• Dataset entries
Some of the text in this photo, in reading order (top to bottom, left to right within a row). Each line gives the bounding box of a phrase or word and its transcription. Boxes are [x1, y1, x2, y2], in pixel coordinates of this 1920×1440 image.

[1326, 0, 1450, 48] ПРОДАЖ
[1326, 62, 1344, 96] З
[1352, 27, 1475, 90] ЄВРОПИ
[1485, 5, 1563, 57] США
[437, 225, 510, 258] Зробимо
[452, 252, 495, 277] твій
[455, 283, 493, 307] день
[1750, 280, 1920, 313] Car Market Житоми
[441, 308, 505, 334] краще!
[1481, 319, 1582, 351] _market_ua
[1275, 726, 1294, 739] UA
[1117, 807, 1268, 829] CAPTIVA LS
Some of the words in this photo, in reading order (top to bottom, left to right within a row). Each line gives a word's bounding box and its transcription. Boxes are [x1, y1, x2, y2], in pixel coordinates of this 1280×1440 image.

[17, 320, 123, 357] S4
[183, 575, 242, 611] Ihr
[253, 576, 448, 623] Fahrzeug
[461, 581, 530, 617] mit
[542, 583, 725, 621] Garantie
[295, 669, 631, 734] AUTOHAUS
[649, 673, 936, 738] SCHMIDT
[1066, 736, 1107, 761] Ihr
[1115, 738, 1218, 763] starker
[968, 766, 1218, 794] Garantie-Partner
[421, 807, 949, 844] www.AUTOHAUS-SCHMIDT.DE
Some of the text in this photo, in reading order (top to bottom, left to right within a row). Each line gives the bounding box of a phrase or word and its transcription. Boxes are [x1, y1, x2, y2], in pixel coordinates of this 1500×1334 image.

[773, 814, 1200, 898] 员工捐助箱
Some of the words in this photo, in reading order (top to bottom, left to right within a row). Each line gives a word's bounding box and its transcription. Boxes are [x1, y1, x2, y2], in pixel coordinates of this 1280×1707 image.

• Work request
All the records above need to be set down again exactly as they were given.

• Result of this exercise
Some of the text in this photo, in reading order (top to bottom, left to right within a row). Each line gives the bounding box of a phrase or word and its transcription. Boxes are [x1, y1, x2, y2], in pixel coordinates of this 1920×1440 image.

[1326, 0, 1450, 48] ПРОДАЖ
[1326, 62, 1344, 96] З
[1352, 27, 1475, 90] ЄВРОПИ
[1485, 5, 1563, 57] США
[437, 225, 510, 258] Зробимо
[452, 252, 495, 277] твій
[455, 283, 493, 307] день
[1750, 280, 1920, 313] Car Market Житоми
[441, 308, 505, 334] краще!
[1481, 319, 1582, 351] _market_ua
[1275, 726, 1294, 739] UA
[1117, 807, 1268, 829] CAPTIVA LS
Some of the words in this photo, in reading order (top to bottom, left to right within a row). Each line gives a word's bounding box and its transcription. Boxes are [x1, y1, x2, y2], in pixel coordinates of this 1280×1440 image.

[17, 320, 123, 357] S4
[183, 575, 242, 611] Ihr
[253, 576, 448, 623] Fahrzeug
[461, 581, 530, 617] mit
[542, 583, 725, 621] Garantie
[295, 669, 631, 734] AUTOHAUS
[649, 673, 936, 738] SCHMIDT
[1066, 736, 1107, 761] Ihr
[1115, 738, 1218, 763] starker
[968, 766, 1218, 794] Garantie-Partner
[421, 807, 949, 844] www.AUTOHAUS-SCHMIDT.DE
Some of the text in this photo, in reading order (top to bottom, left to right within a row). Each line gives the bounding box of a phrase or word and its transcription. Boxes are [x1, y1, x2, y2], in pixel coordinates of this 1500×1334 image.

[773, 814, 1200, 898] 员工捐助箱
Some of the words in this photo, in reading order (top to bottom, left to right within a row). Each line gives a word's bounding box and its transcription. Boxes are [x1, y1, x2, y2], in pixel coordinates of this 1280×1707 image.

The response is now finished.